Closed stevenwaterman closed 2 years ago
Essentially there's header data at the end of the file that we need but can't read https://github.com/fluent-ffmpeg/node-fluent-ffmpeg/issues/823
The only way to really solve this is to have the whole video available to us. That means either transcoding in the browser or swapping to something like cloud-run and downloading the file to disk.
Using Web Audio API to transcode isn't really viable atm because there's no way to prevent it resampling the audio which makes it harder to transcribe. We can maybe just live with that for now, and then once https://github.com/WebAudio/web-audio-api/issues/30 is fixed we can change it behind the scenes
If I understand the issue you are trying to extract audio from a recording?

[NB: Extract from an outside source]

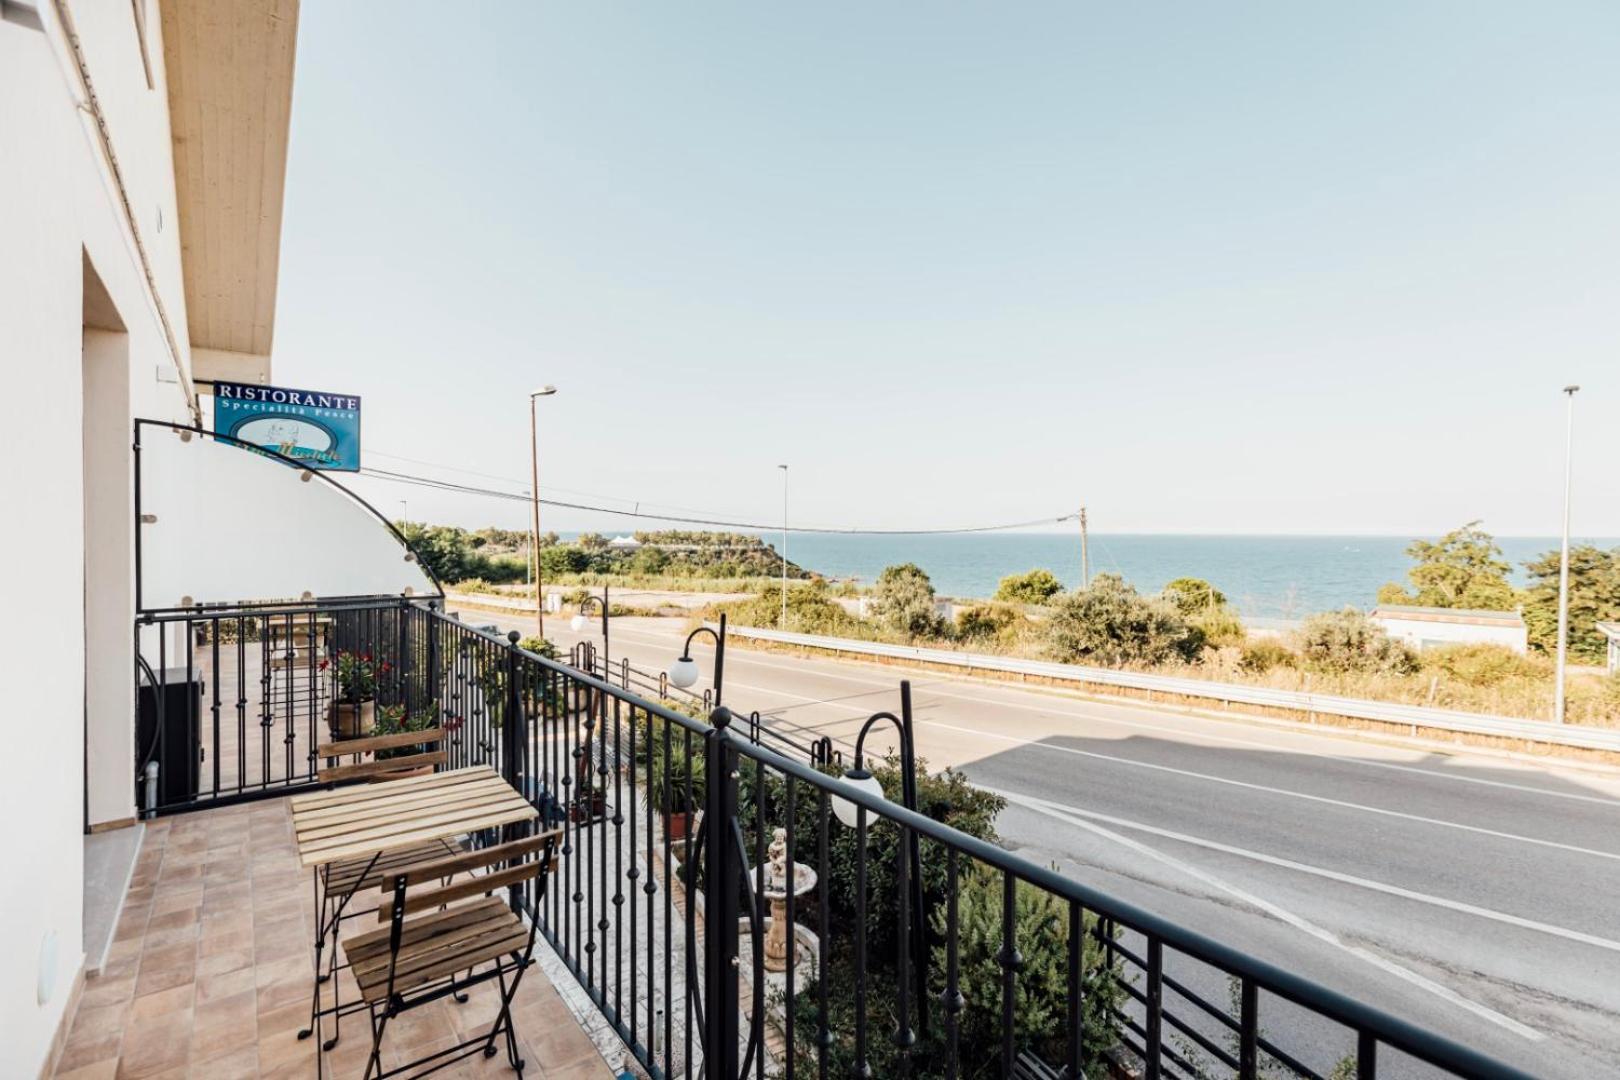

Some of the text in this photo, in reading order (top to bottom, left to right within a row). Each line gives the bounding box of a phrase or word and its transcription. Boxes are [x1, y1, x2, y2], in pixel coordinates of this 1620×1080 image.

[219, 385, 358, 410] RISTORANTE
[222, 399, 355, 419] Specialità Pesce
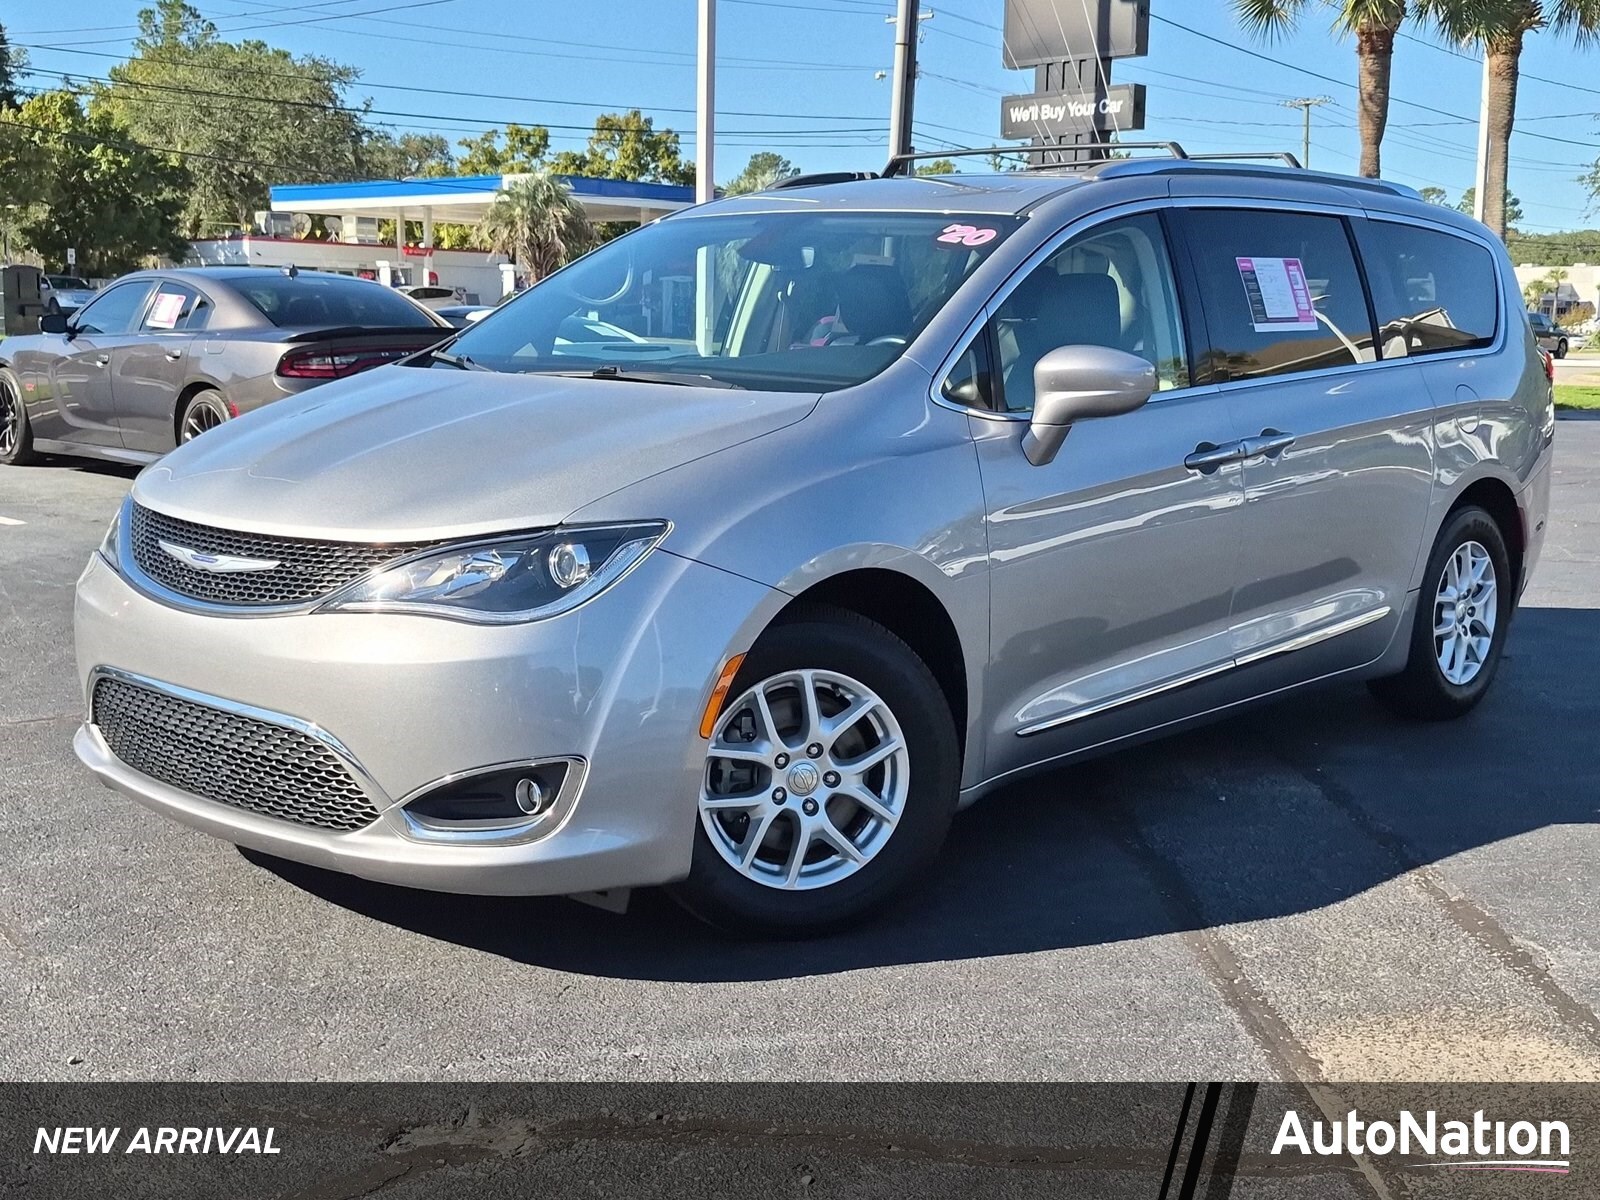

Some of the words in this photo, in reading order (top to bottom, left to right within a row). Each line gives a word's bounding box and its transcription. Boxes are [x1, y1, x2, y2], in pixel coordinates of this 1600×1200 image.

Note that this is more of a personal bug tracker for Lexoral, rather than issues with any of the underlying APIs
I'm trying to get the raw audio data from a local video file (eventually just any local media file) so that it can be uploaded to a server. I'm currently in the process of switching over to the new Web Codecs API which should solve my issues
Locally you can utilize mkvmerge
. The last time I checked Firefox and Chromium set the audio and video differently, see
I'm currently in the process of switching over to the new Web Codecs API which should solve my issues
I would be hesitant to make such a proclaimation. WebCodecs API has issues itself. Although the claim that WebCodecs solves this/that issue in Web Audio issues, that is simply not the case, e.g., when Opus codec is used WebCodecs never resamples back to the original input sample rate https://bugs.chromium.org/p/chromium/issues/detail?id=1260519.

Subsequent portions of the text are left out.